◆ **WORK INSTRUCTION**
What you submit must be an exact copy of the listing below, with no images in it.

===== GIVEN RECORDS

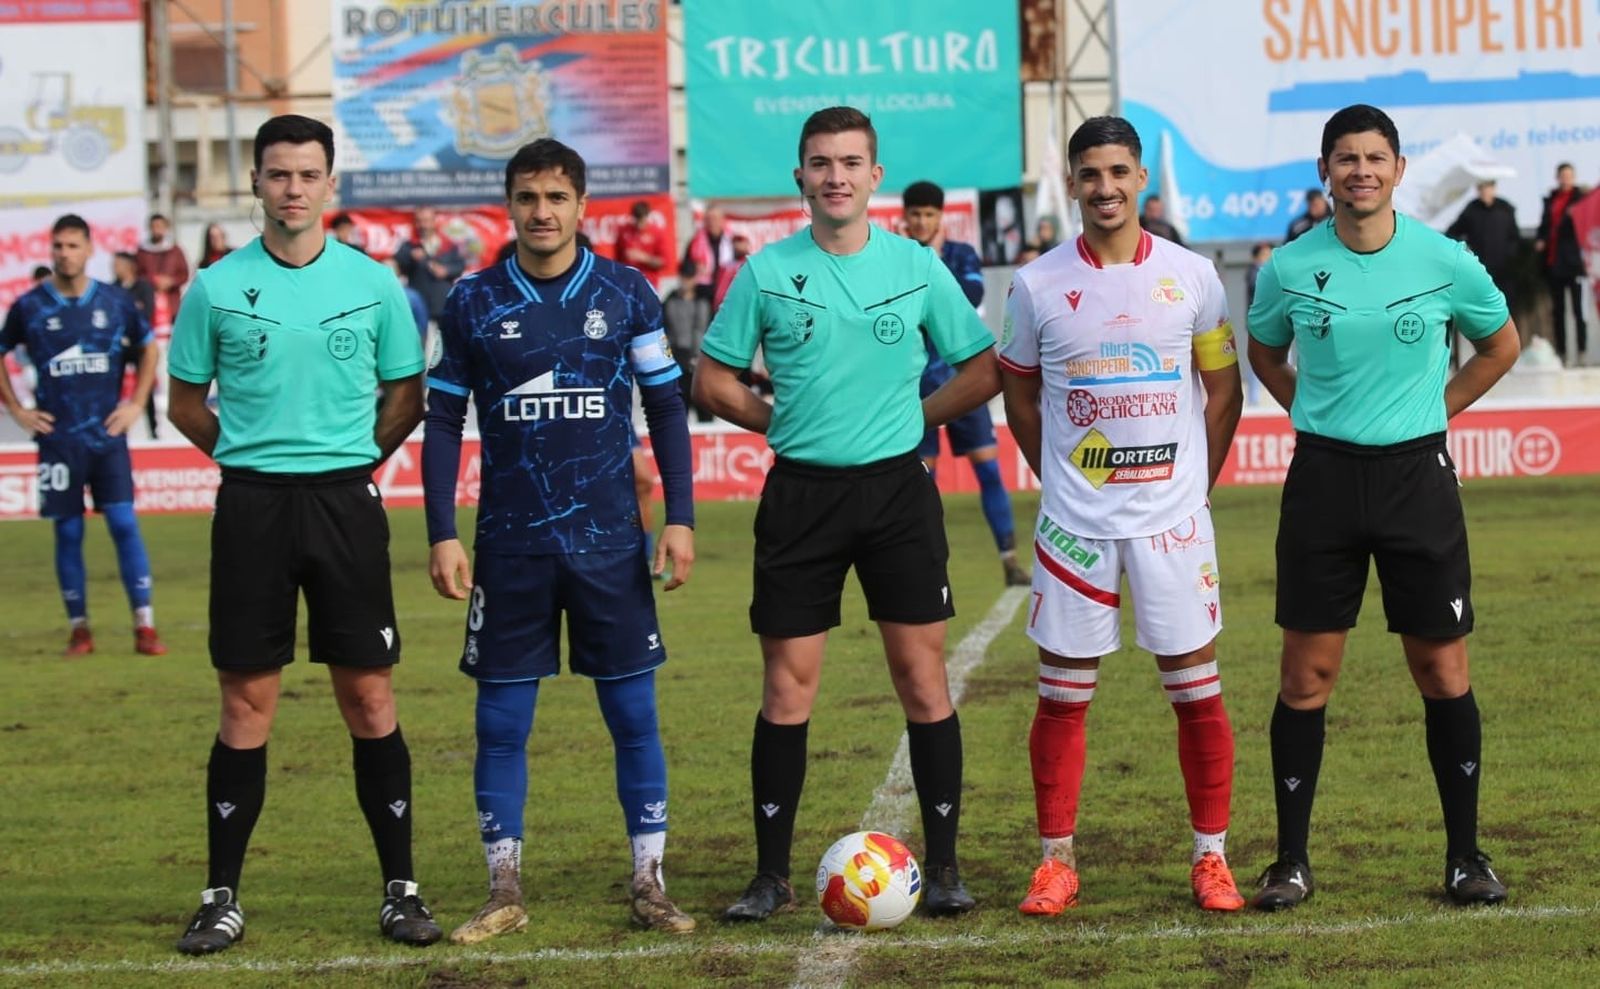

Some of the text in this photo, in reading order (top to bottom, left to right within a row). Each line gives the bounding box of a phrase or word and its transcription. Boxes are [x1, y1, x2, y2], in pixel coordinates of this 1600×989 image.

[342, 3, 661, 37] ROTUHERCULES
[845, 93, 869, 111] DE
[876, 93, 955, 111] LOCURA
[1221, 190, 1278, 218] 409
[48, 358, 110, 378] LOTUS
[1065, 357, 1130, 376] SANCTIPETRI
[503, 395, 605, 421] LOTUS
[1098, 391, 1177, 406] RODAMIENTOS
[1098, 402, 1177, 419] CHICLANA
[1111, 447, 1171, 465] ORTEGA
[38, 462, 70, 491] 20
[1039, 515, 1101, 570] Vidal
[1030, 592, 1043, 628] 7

==========

◆ **PROBLEM SOLUTION**
Some of the text in this photo, in reading order (top to bottom, left to right within a row). Each line gives the bounding box of a phrase or word and its transcription. Boxes are [x1, y1, x2, y2], in pixel coordinates of this 1600×989 image.

[342, 3, 661, 37] ROTUHERCULES
[845, 93, 869, 111] DE
[876, 93, 955, 111] LOCURA
[1221, 190, 1278, 218] 409
[48, 358, 110, 378] LOTUS
[1065, 357, 1130, 376] SANCTIPETRI
[503, 395, 605, 421] LOTUS
[1098, 391, 1177, 406] RODAMIENTOS
[1098, 402, 1177, 419] CHICLANA
[1111, 447, 1171, 465] ORTEGA
[38, 462, 70, 491] 20
[1039, 515, 1101, 570] Vidal
[1030, 592, 1043, 628] 7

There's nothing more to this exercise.